▼

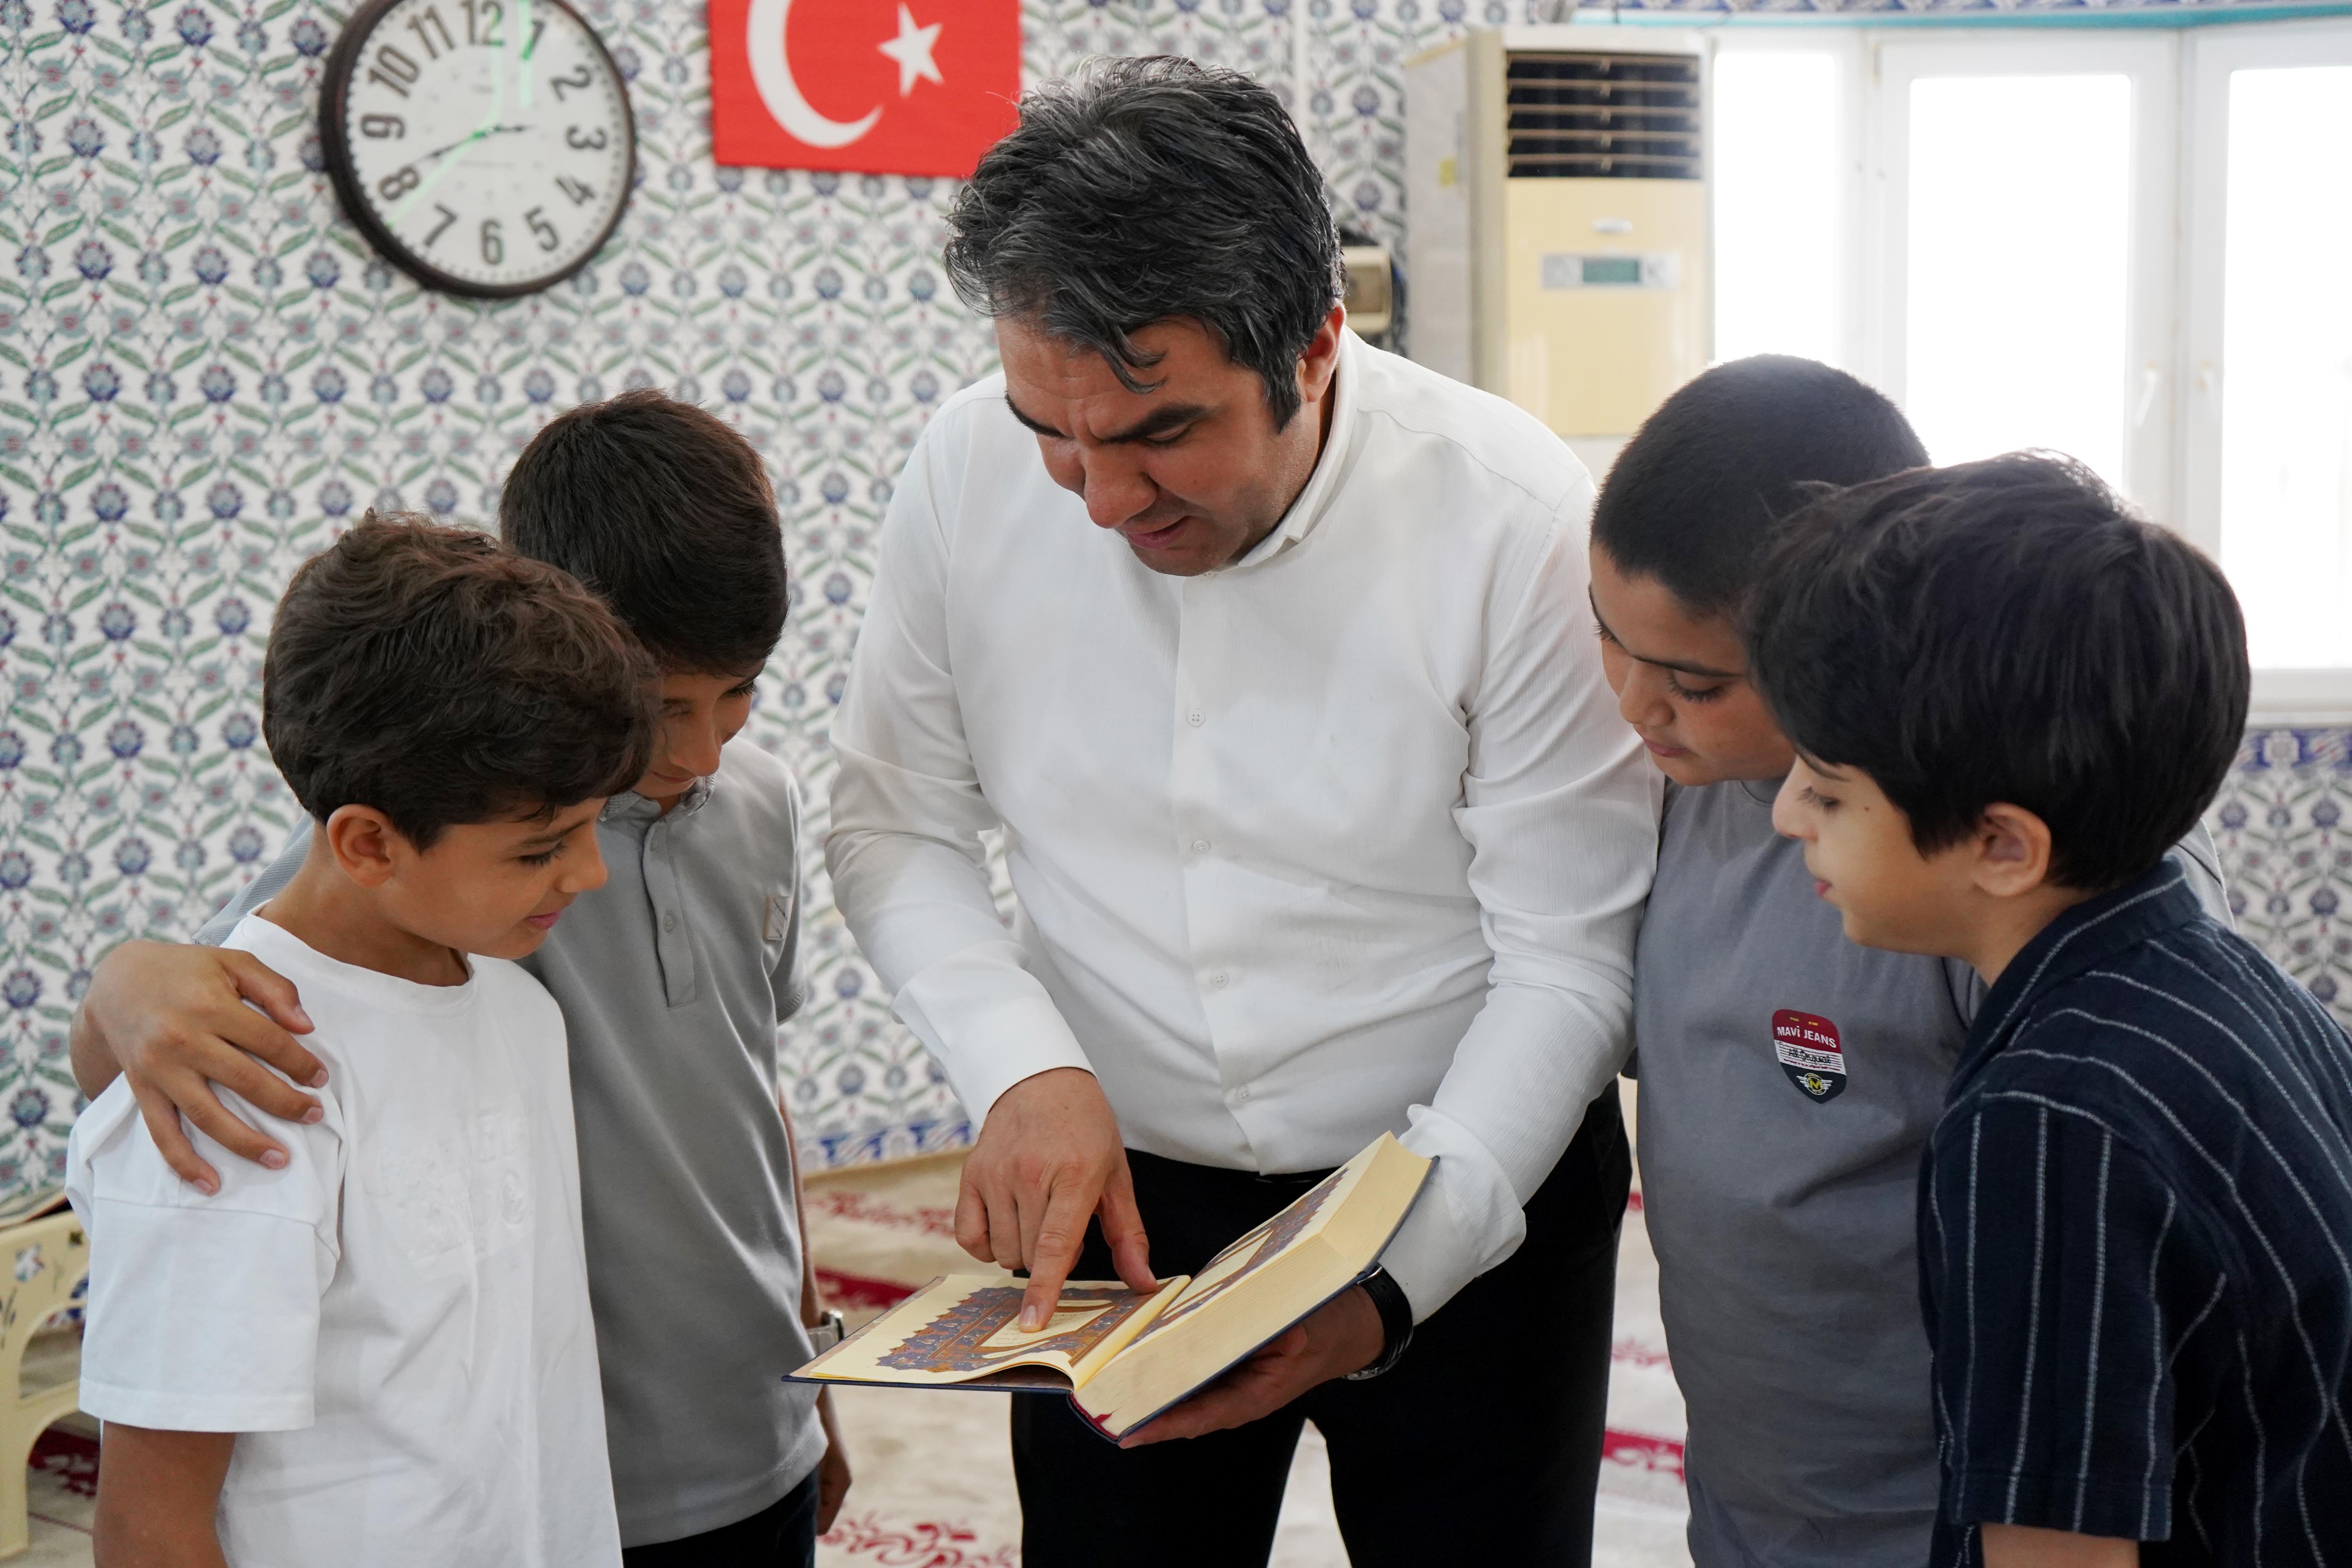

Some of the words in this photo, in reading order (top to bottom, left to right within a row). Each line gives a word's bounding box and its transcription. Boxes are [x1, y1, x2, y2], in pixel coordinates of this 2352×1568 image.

[407, 6, 456, 59] 11
[460, 0, 503, 46] 12
[522, 20, 545, 60] 1
[367, 44, 421, 98] 10
[550, 65, 591, 101] 2
[360, 113, 405, 139] 9
[566, 125, 607, 151] 3
[377, 165, 420, 201] 8
[554, 175, 596, 206] 4
[425, 203, 457, 247] 7
[480, 218, 503, 265] 6
[524, 206, 559, 251] 5
[1804, 1029, 1837, 1048] JEANS
[1808, 1078, 1823, 1090] M
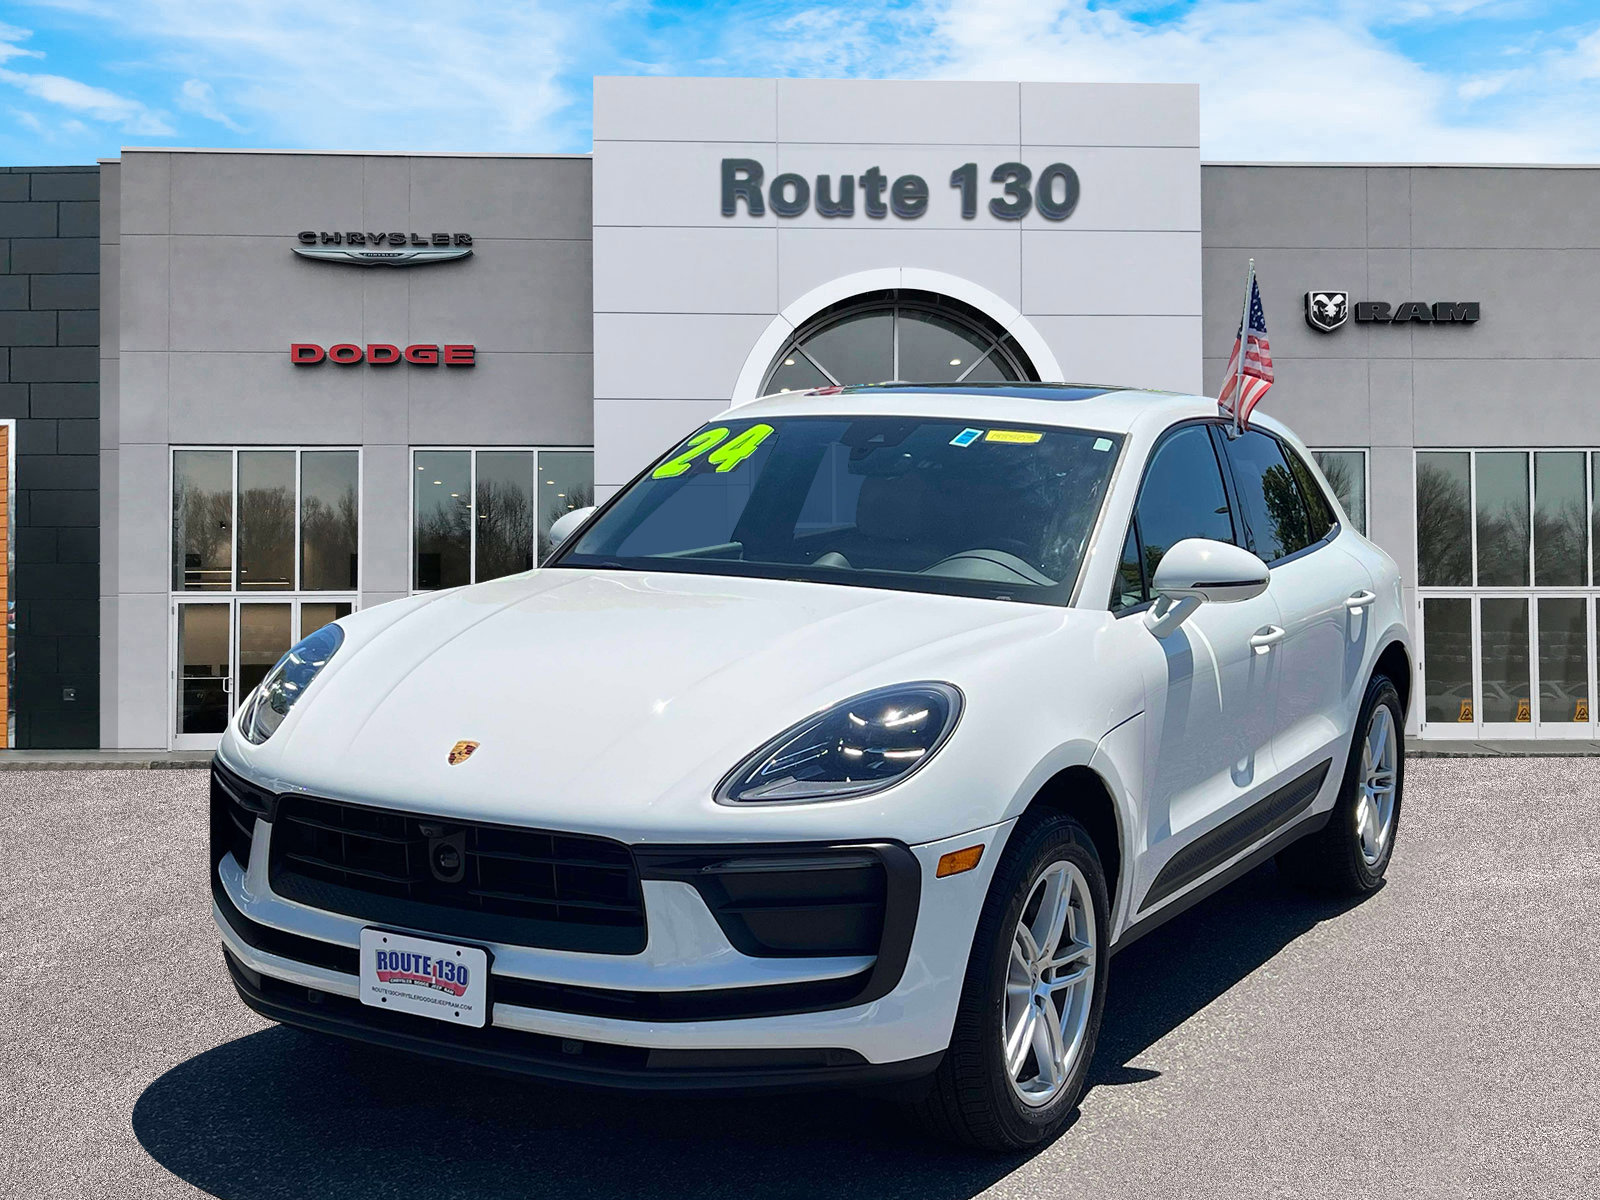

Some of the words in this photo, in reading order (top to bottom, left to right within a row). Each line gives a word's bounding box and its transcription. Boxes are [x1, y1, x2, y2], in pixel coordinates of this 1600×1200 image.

[720, 158, 930, 219] Route
[949, 161, 1081, 221] 130
[298, 231, 473, 245] CHRYSLER
[1355, 301, 1481, 324] RAM
[291, 343, 476, 365] DODGE
[652, 424, 775, 479] 24
[376, 951, 431, 976] ROUTE
[435, 960, 469, 986] 130
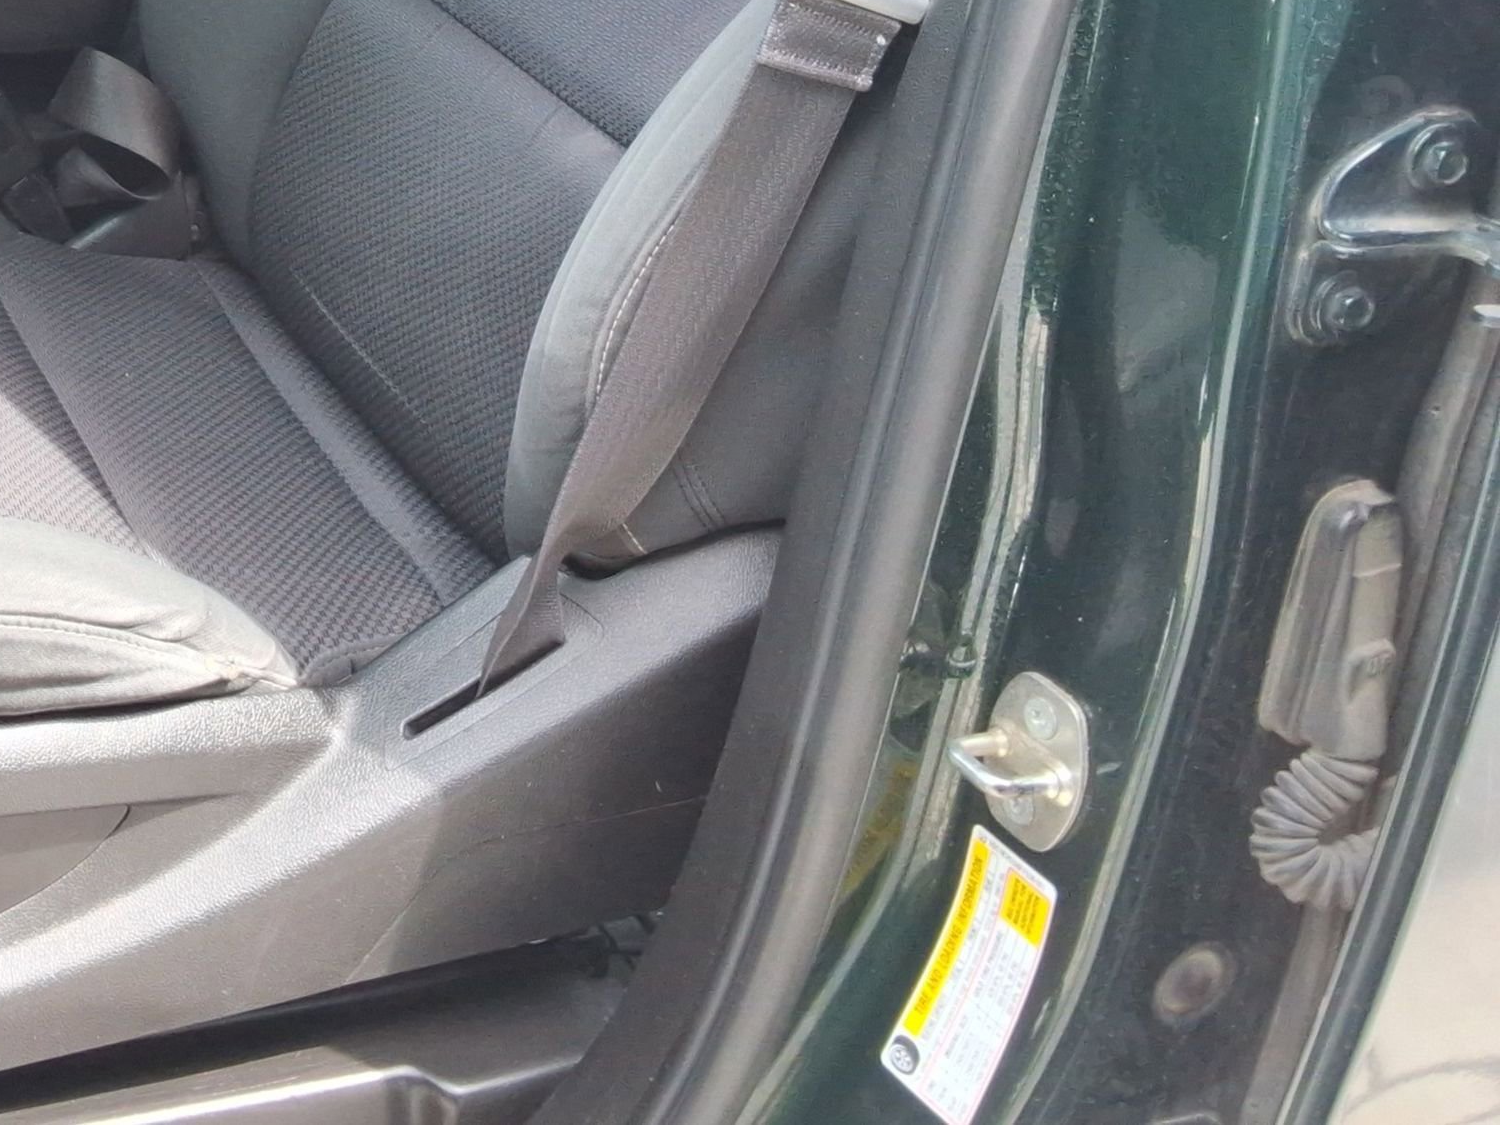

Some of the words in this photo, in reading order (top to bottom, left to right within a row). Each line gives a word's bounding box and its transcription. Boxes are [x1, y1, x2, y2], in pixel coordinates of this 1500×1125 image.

[914, 990, 931, 1016] TIRE
[928, 968, 943, 993] AND
[940, 924, 963, 971] LOADING
[957, 857, 983, 924] INFORMATION

▲

Every record above should reappear exactly, with the pictures gone.

Some of the words in this photo, in reading order (top to bottom, left to right within a row). Each line gives a word's bounding box and its transcription. Boxes are [x1, y1, x2, y2], in pixel coordinates of this 2352×1568 image.

[407, 6, 456, 59] 11
[460, 0, 503, 46] 12
[522, 20, 545, 60] 1
[367, 44, 421, 98] 10
[550, 65, 591, 101] 2
[360, 113, 405, 139] 9
[566, 125, 607, 151] 3
[377, 165, 420, 201] 8
[554, 175, 596, 206] 4
[425, 203, 457, 247] 7
[480, 218, 503, 265] 6
[524, 206, 559, 251] 5
[1804, 1029, 1837, 1048] JEANS
[1808, 1078, 1823, 1090] M

Some of the words in this photo, in reading order (top to bottom, left to right within a row). Each line gives a word's bounding box and its transcription. Boxes are [x1, y1, x2, y2], in pixel coordinates of this 1600×1200 image.

[720, 158, 930, 219] Route
[949, 161, 1081, 221] 130
[298, 231, 473, 245] CHRYSLER
[1355, 301, 1481, 324] RAM
[291, 343, 476, 365] DODGE
[652, 424, 775, 479] 24
[376, 951, 431, 976] ROUTE
[435, 960, 469, 986] 130

Some of the words in this photo, in reading order (top to bottom, left to right within a row). Each line gives a word's bounding box and its transcription. Boxes are [x1, y1, x2, y2], in pixel coordinates of this 1500×1125 image.

[914, 990, 931, 1016] TIRE
[928, 968, 943, 993] AND
[940, 924, 963, 971] LOADING
[957, 857, 983, 924] INFORMATION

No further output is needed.